WHAT YOU HAVE TO DO = Leave the images out and write out each entry exactly as shown.

───

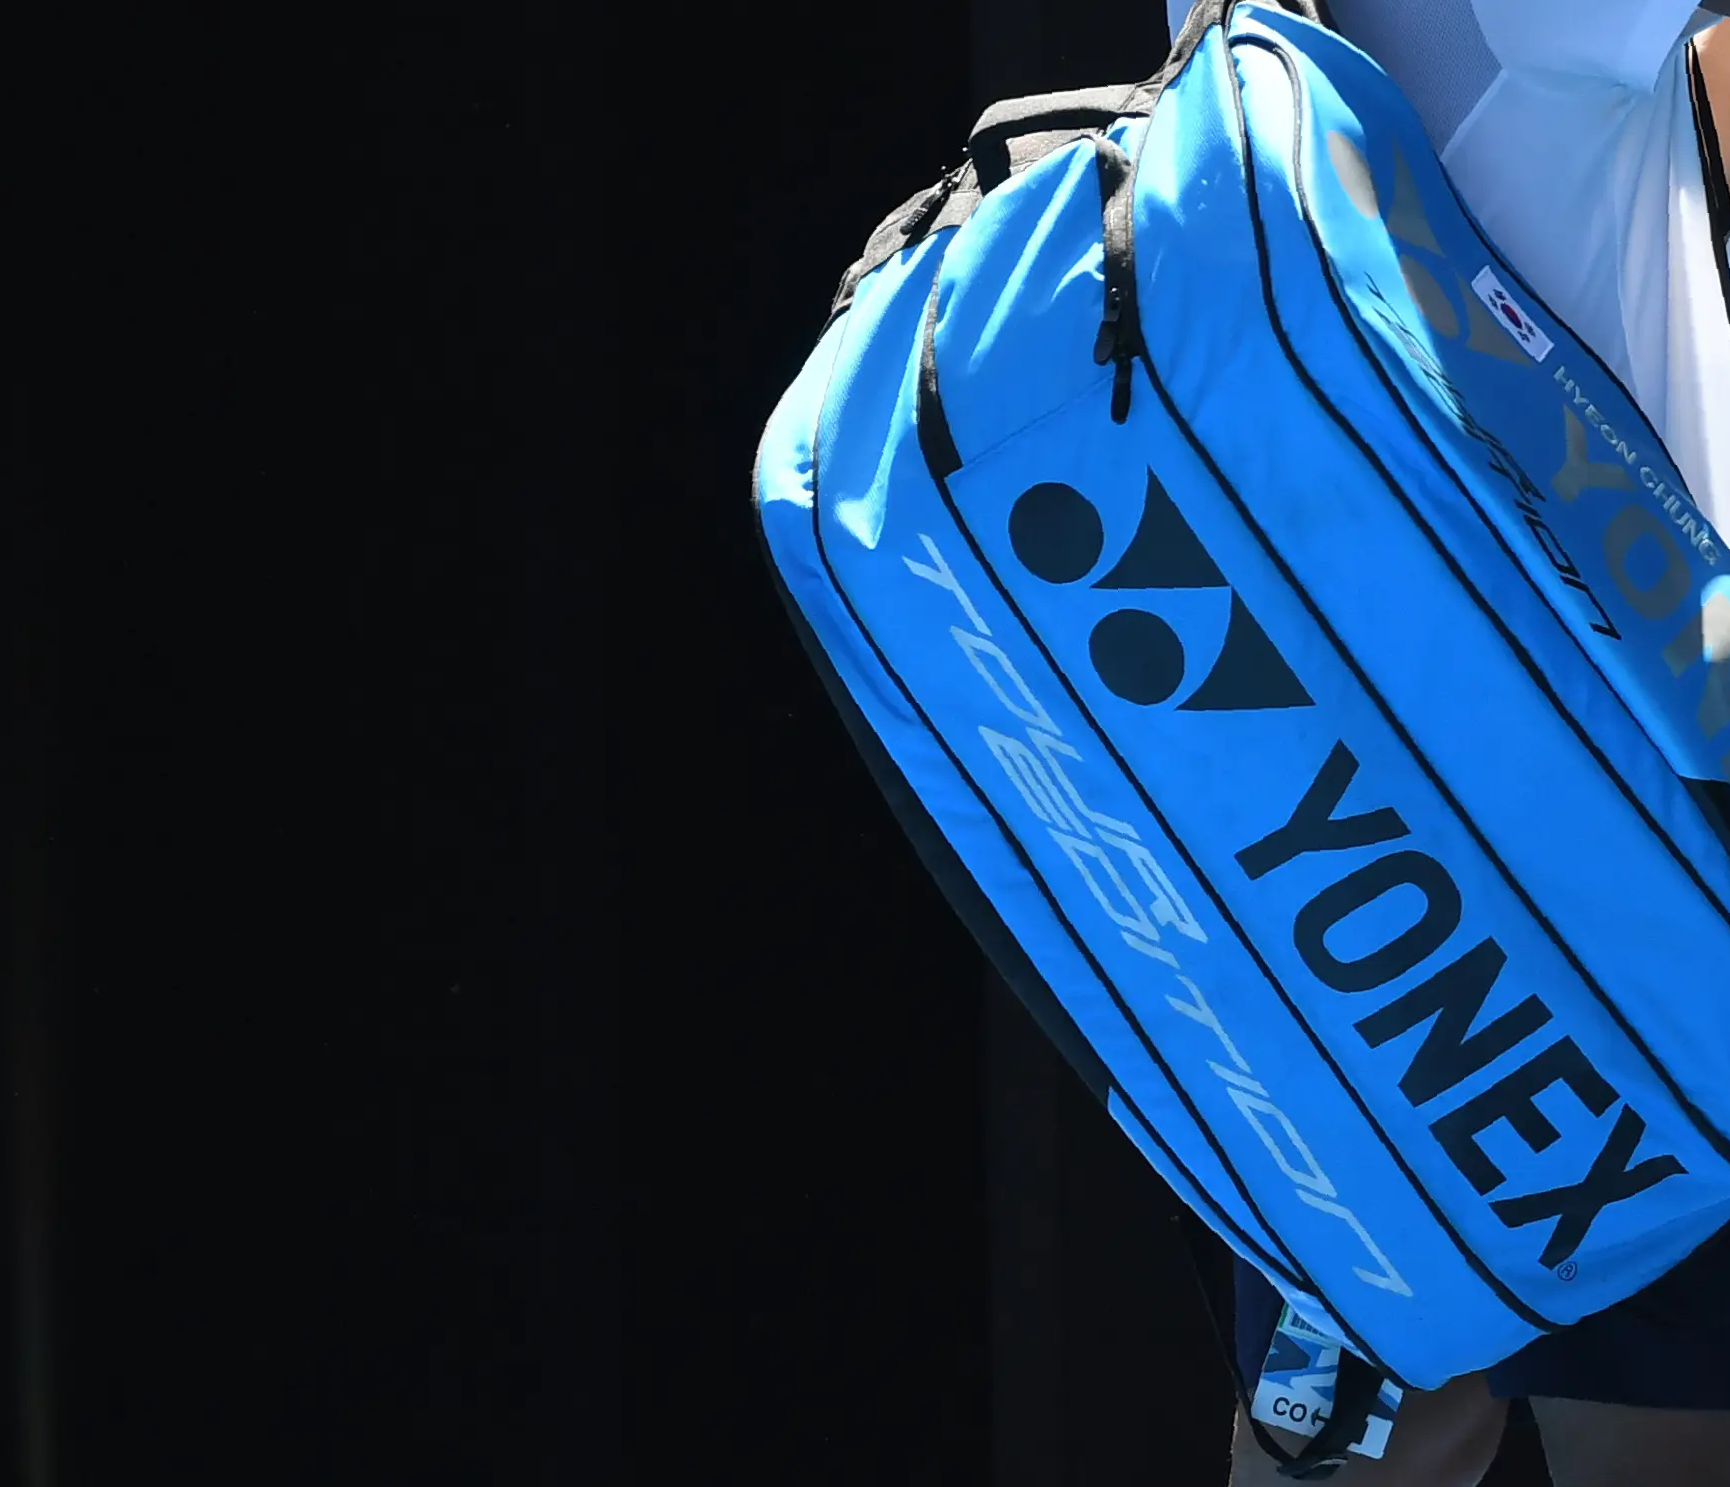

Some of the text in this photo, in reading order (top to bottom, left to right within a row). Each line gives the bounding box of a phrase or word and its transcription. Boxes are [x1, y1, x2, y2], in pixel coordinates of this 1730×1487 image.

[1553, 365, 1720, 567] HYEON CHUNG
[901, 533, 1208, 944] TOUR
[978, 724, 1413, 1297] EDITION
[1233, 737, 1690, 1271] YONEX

───

EXPECTED ANSWER =
Some of the text in this photo, in reading order (top to bottom, left to right within a row). Each line gives the bounding box of a phrase or word and its transcription. Boxes are [x1, y1, x2, y2], in pixel coordinates of this 1730×1487 image.

[1553, 365, 1720, 567] HYEON CHUNG
[901, 533, 1208, 944] TOUR
[978, 724, 1413, 1297] EDITION
[1233, 737, 1690, 1271] YONEX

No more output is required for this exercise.